In college, I got to know an elderly couple who took a real liking to me, and they would often have me over to their house and take me out to dinner. While they were nothing but kind to me, their relationship with each other was incredibly hostile. Every conversation would turn into an angry shouting match, and they could barely relate to one another without harsh words or bitter criticisms.

While I don’t know this couple’s history or how they came to interact this way, the relationship they had is sadly all too common. Marriages are crumbling, and the divorce rate is creeping above 50%. And while the Church has always defended the indissolubility of marriage, it is a tragic reality that Catholics are civilly divorcing at essentially the same rate as everyone else.

The causes of this breakdown of marriage are many, but really, the solution is simple. We who are called to the vocation of marriage must love our wives. Let’s face it, we ultimately can’t change anyone’s marriage but our own. In the face of marital collapse on a massive scale, our Catholic marriages must be a prophetic witness of joyful life, fidelity, and love.

So with that said, here are 25 ways to tell your wife you love her. There are hundreds more!

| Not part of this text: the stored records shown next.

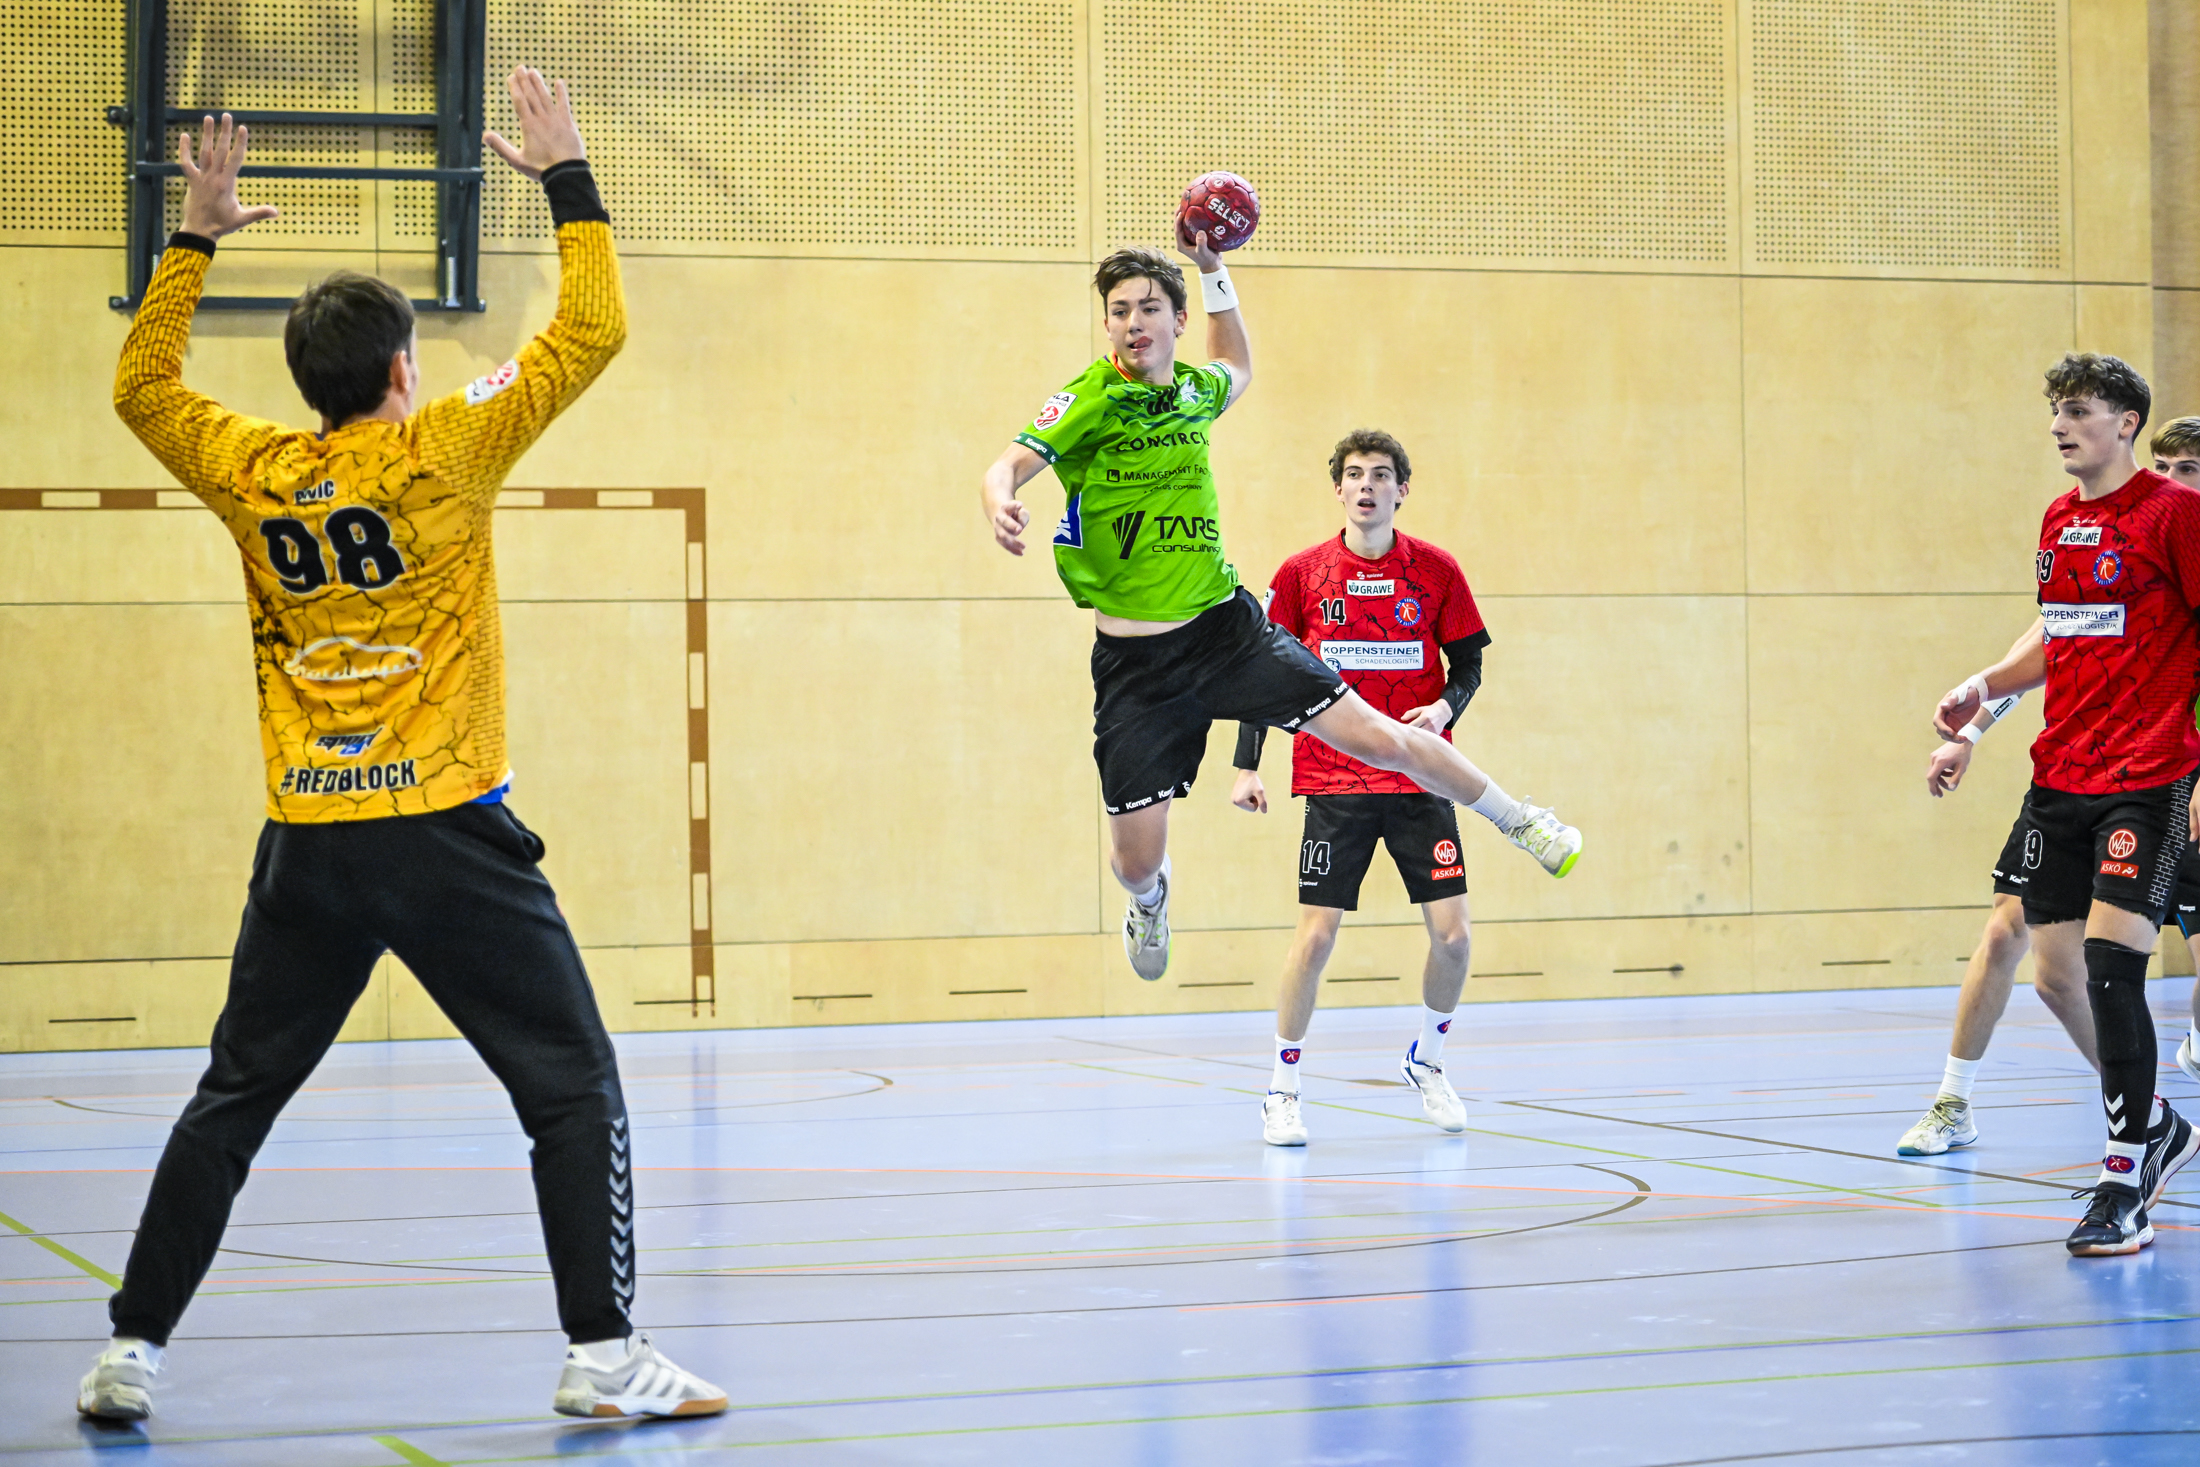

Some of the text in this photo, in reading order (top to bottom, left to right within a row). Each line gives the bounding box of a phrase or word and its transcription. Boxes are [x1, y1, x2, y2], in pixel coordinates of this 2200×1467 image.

[1207, 197, 1251, 232] SELECT
[1154, 515, 1219, 541] TARS
[2069, 532, 2099, 544] GRAWE
[259, 506, 406, 594] 98
[1360, 585, 1393, 595] GRAWE
[1320, 598, 1346, 625] 14
[1323, 646, 1420, 655] KOPPENSTEINER
[1305, 697, 1331, 717] Kempa
[280, 759, 416, 794] #REDBLOCK
[1125, 797, 1152, 810] Kempa
[1302, 840, 1330, 875] 14
[1434, 869, 1455, 878] ASKÖ
[2101, 863, 2121, 873] ASKÖ
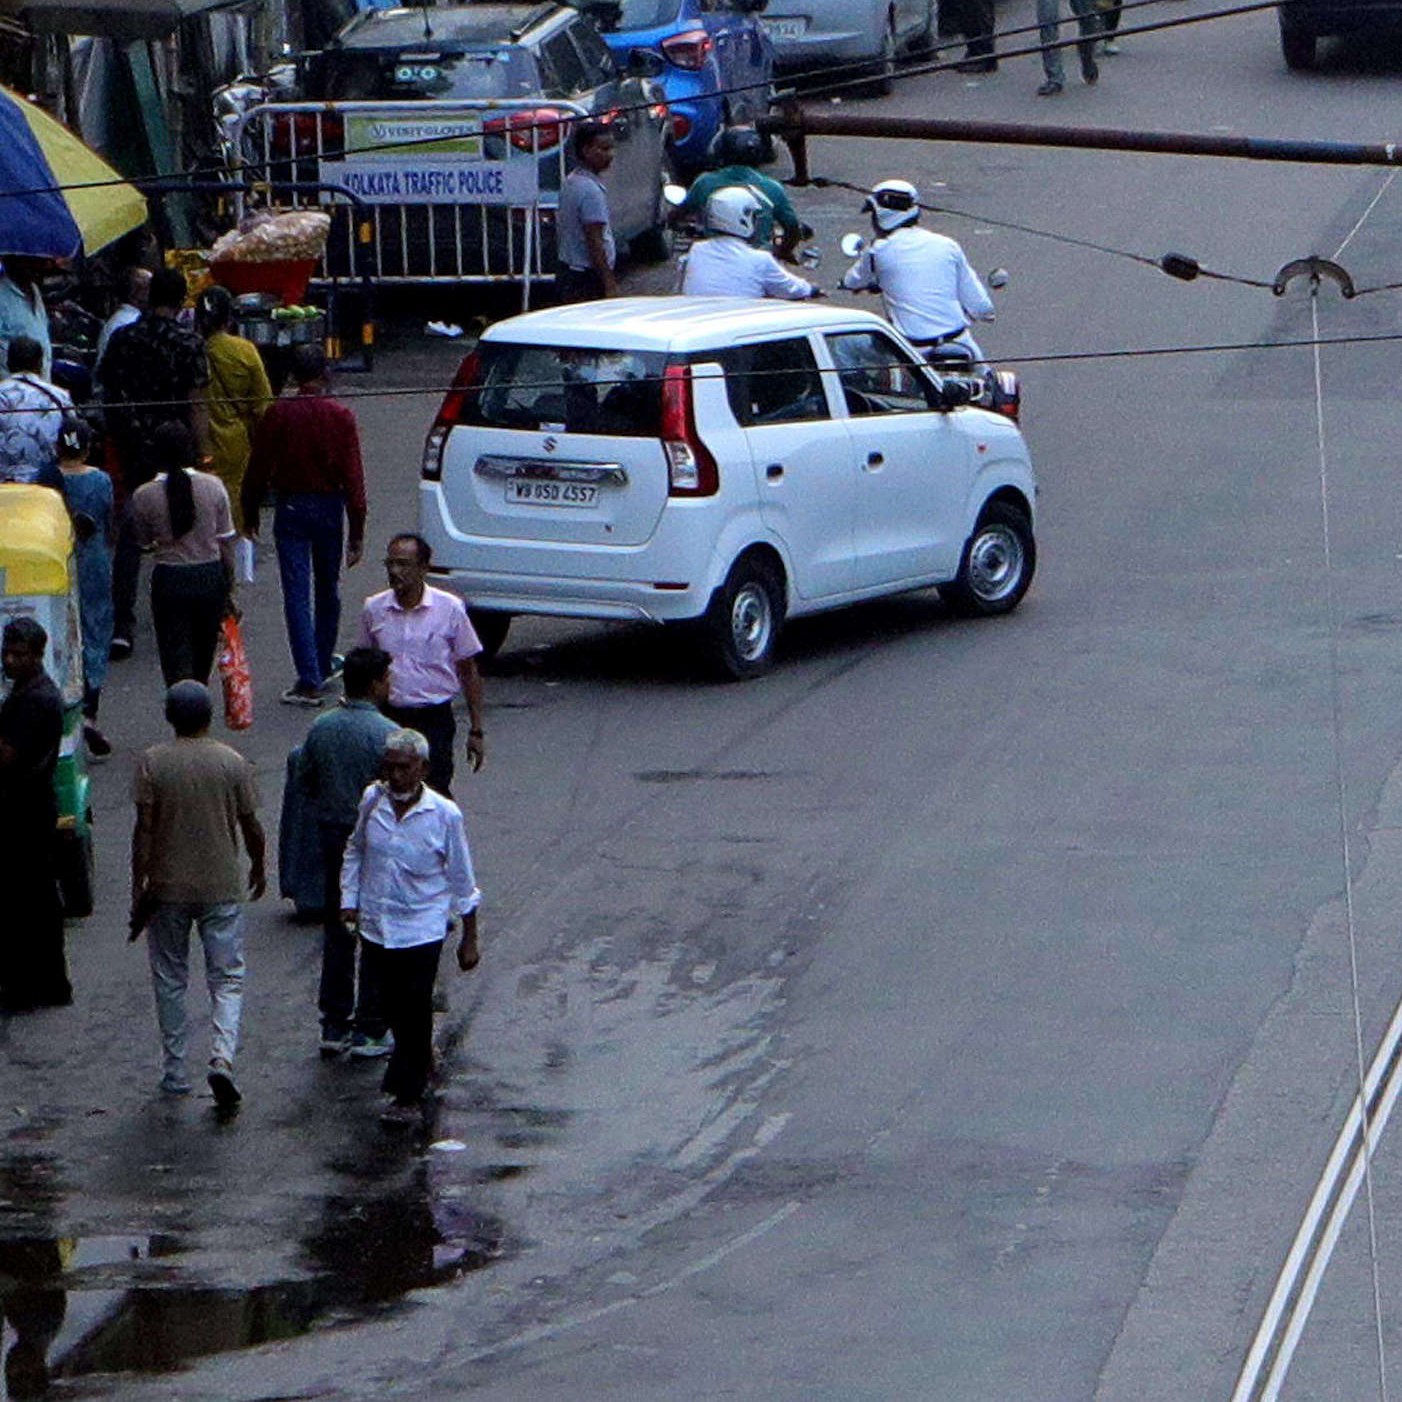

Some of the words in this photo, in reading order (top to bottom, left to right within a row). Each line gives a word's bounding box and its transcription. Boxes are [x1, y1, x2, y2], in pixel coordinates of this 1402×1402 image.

[342, 171, 400, 196] KOLKATA
[404, 171, 455, 196] TRAFFIC
[458, 170, 503, 195] POLICE
[516, 482, 531, 498] WB
[562, 485, 596, 502] 4557
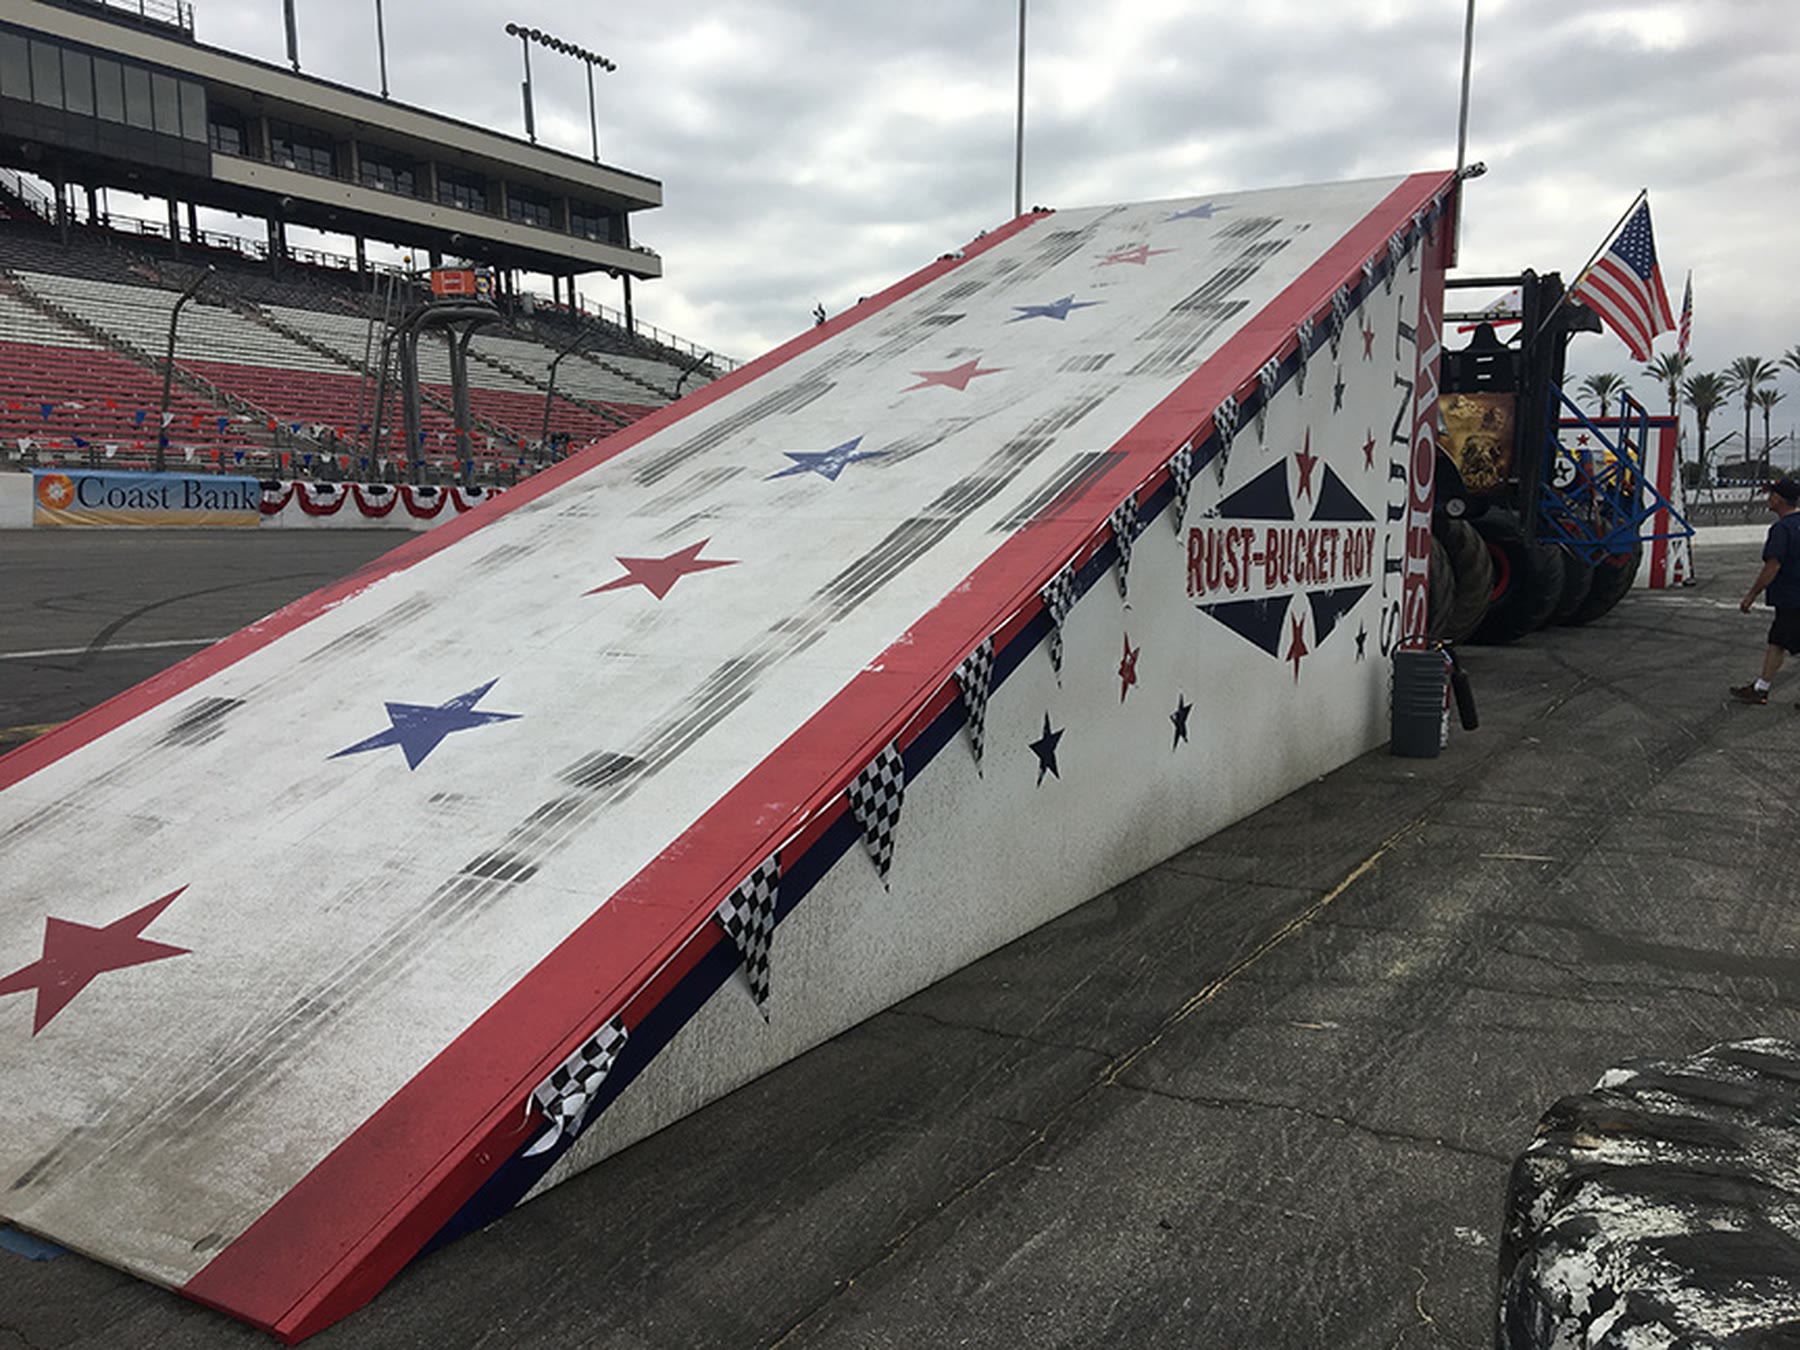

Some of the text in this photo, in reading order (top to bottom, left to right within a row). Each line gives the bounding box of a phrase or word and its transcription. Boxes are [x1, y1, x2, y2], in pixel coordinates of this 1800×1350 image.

[77, 476, 256, 510] Coast Bank
[1187, 526, 1376, 597] RUST-BUCKET ROY
[1381, 294, 1417, 656] STUNT
[1404, 298, 1441, 645] SHOW

  1. Listen to her and care about what she has to say
  2. Show her physical, non-sexual affection
  3. Surprise her with flowers
  4. Take her out to dinner (without the kids)
  5. Buy her a book she’s been wanting
  6. Write her a love note
  7. Wash the dishes
  8. Check something off your honey-do list
  9. If you have babies, change a diaper
  10. Let her go out with her girlfriends sans kids
  11. Open the door for her
  12. Pray with her and for her
  13. Apologize to her when you sin
  14. Forgive her when she sins…never hold a grudge
  15. Ask her advice
  16. Pay attention to her pet peeves and avoid them
  17. Take her shopping
  18. Fast for her
  19. Understand and comfort her fears even if you don’t share them
  20. Talk to her about life
  21. Compliment her specifically
  22. Kiss her in public and in front of the kids
  23. Hold her hand
  24. Give up something you want to do to do something she wants to do
  25. Don’t criticize or complain…praise

In short, keep dating your wife.

Once upon a time, your chief preoccupation was winning your wife’s heart and securing her affection. Remember? Yet, many men stop doing this the minute they say “I do.” This shouldn’t be. Your mission as a Catholic husband is to become a life-long student of your wife. Study to understand her hopes and dreams, her fears and practical concerns. What does she love? What does she hate? What makes her happy? What’s her love language? Learn what delights her heart and then do it.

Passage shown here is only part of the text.